She adds that the other part of the firm’s alts expansion is focused on ‘products where we can meet new clients so that they can get exposure to private markets, through interval funds, and BDCs [business development corporations], and perpetually offered vehicles.’
Snider notes that the majority of these vehicles – at least the ones that have proved popular – focus on private credit and real estate.
‘[That’s] because this is what's available in that perpetually offered space. But also because of the interest rate environment. Until very recently, with the interest rate environment being like it was, it was also a very compelling time to be in those asset classes. So, those two things converged to create a very robust fundraising environment.’
Indeed, assets in alternative investments at Bank of America have doubled from this time five years ago, with advisor adoption of such products up by around 45% in that period, according to a spokesperson for the company.
Still, this doesn’t mean any old alternative fund can land on the Bank of America platform.
‘Obviously, we're still being extremely selective,’ Snider stresses. ‘There's a lot of supply out of there. And we’re onboarding less than what is available out there.’

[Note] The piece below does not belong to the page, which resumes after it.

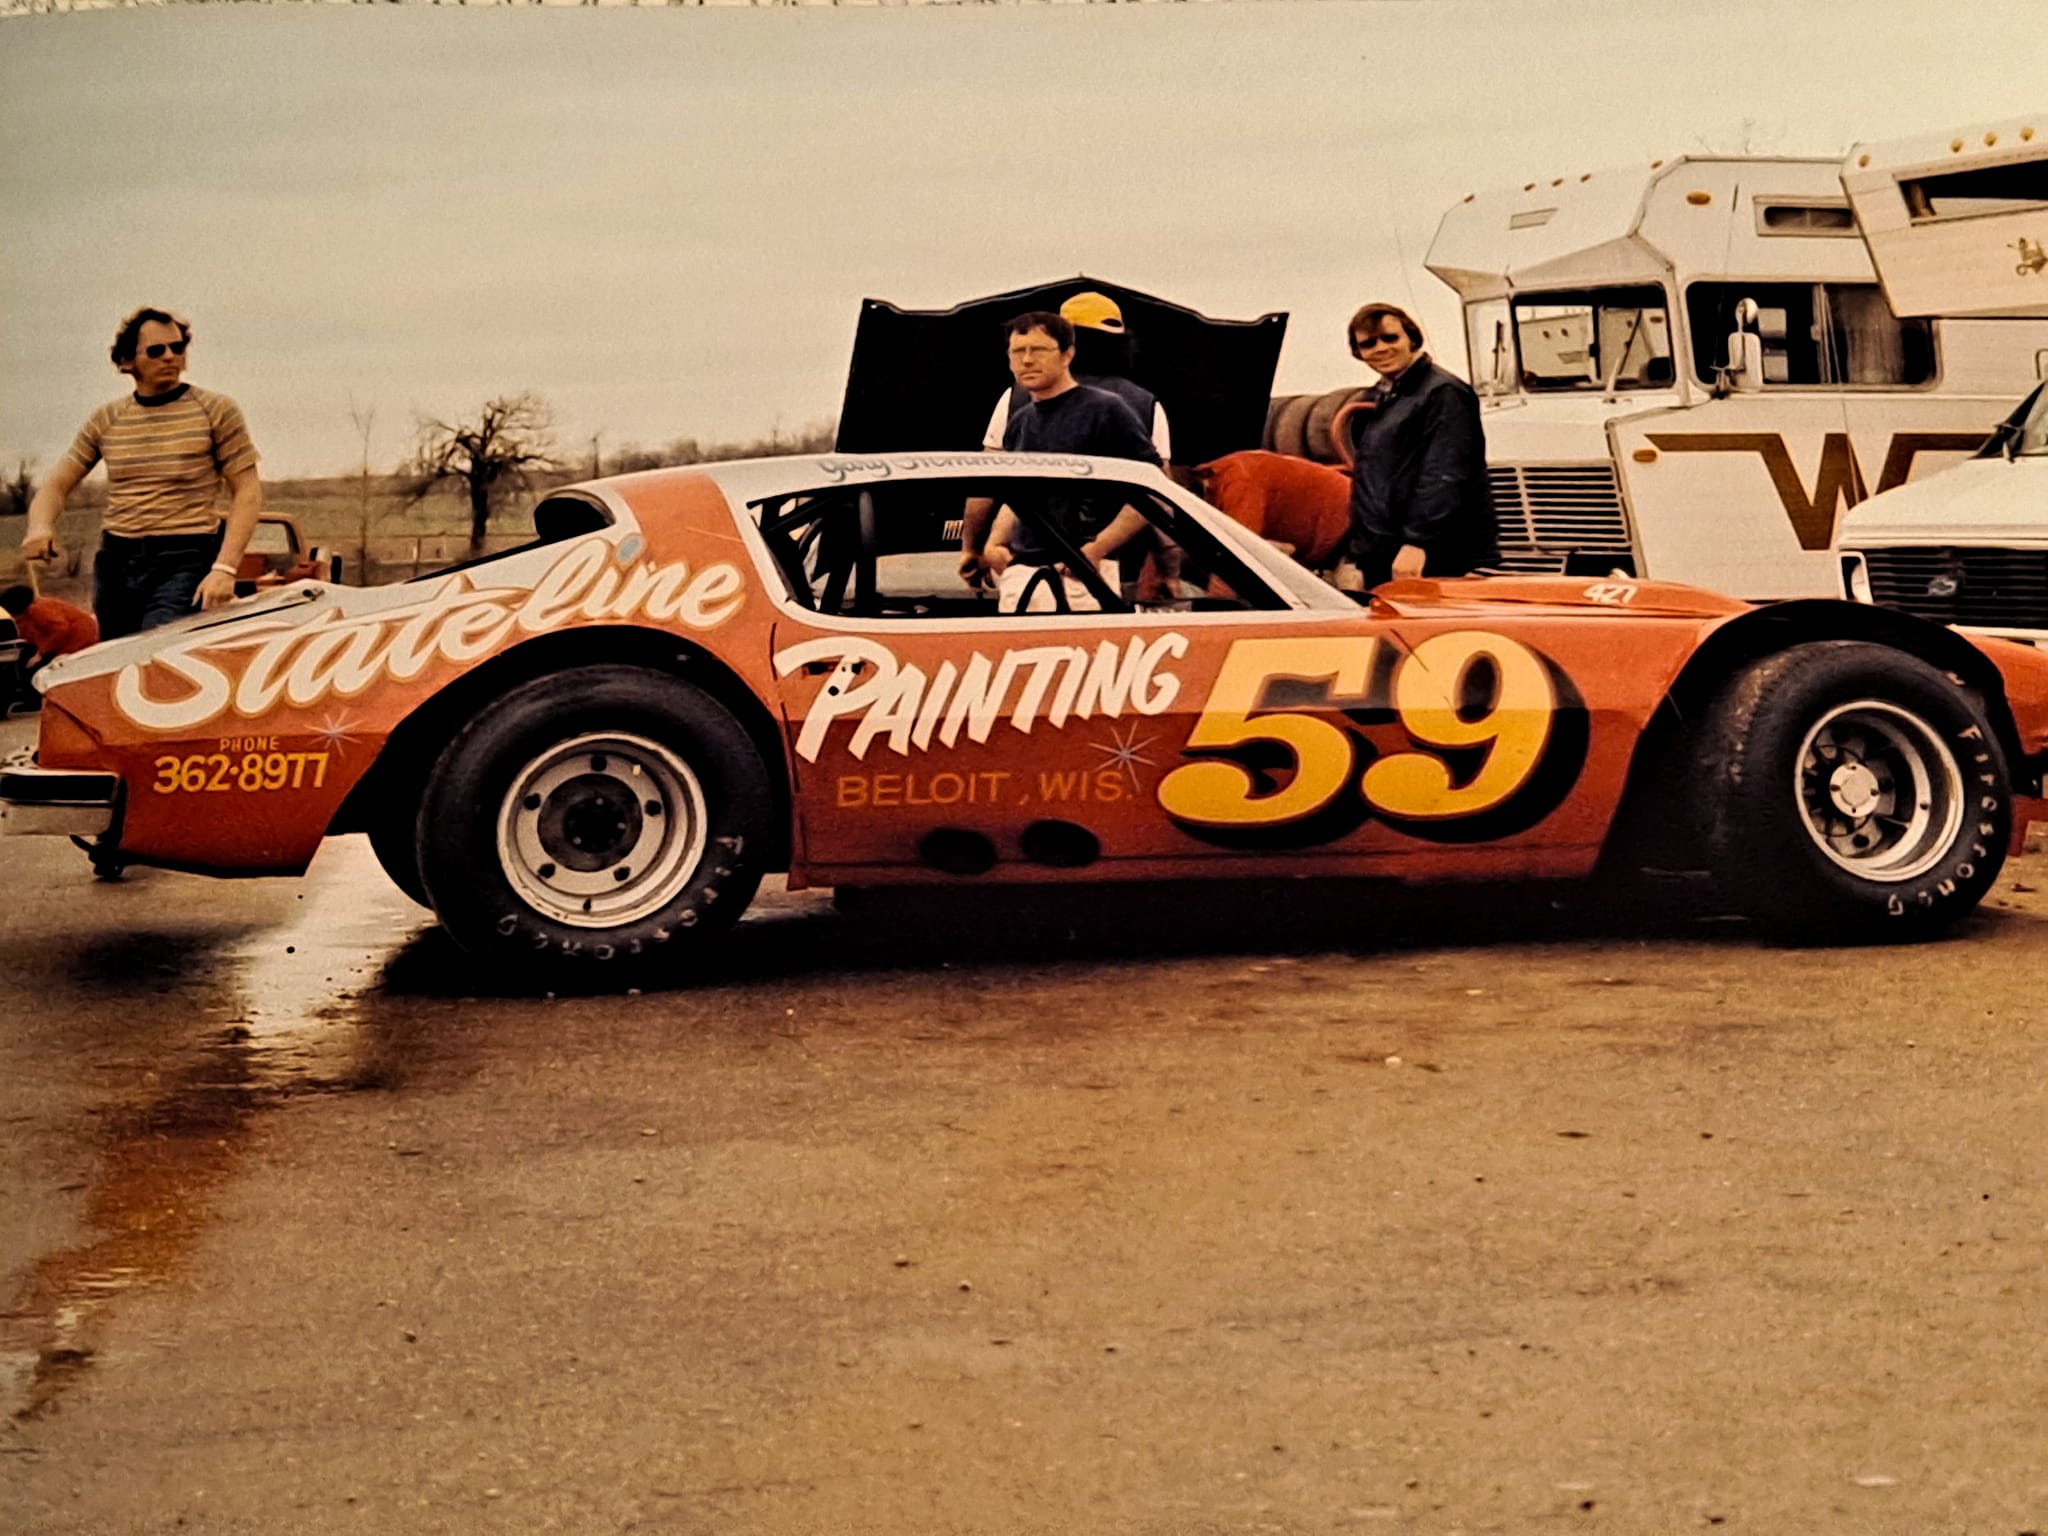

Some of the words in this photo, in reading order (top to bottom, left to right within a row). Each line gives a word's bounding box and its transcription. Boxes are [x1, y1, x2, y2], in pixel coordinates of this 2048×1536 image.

According to XA Investments, there were 193 interval or tender offer funds with a combined $138bn in assets under management as of June 30 – an increase of 26 funds and $29bn from the same time last year.
The high supply may lead some to question whether the increased presence of alternatives in retail portfolios is a result of asset managers pushing products rather than wealthy investors crying out to allocate to less liquid assets. But Snider and Marapachi disagree.
‘The way we think of it, including alternative investments is a complement to [a] traditional portfolio [and] introduces a lot of benefits that clients need to be aware of and we are on this educational kind of mission now with our clients, because we truly believe that [alternatives] are needed in client portfolios,’ Marapachi says.
These benefits include diversification, yield enhancement and mitigating volatility, she says.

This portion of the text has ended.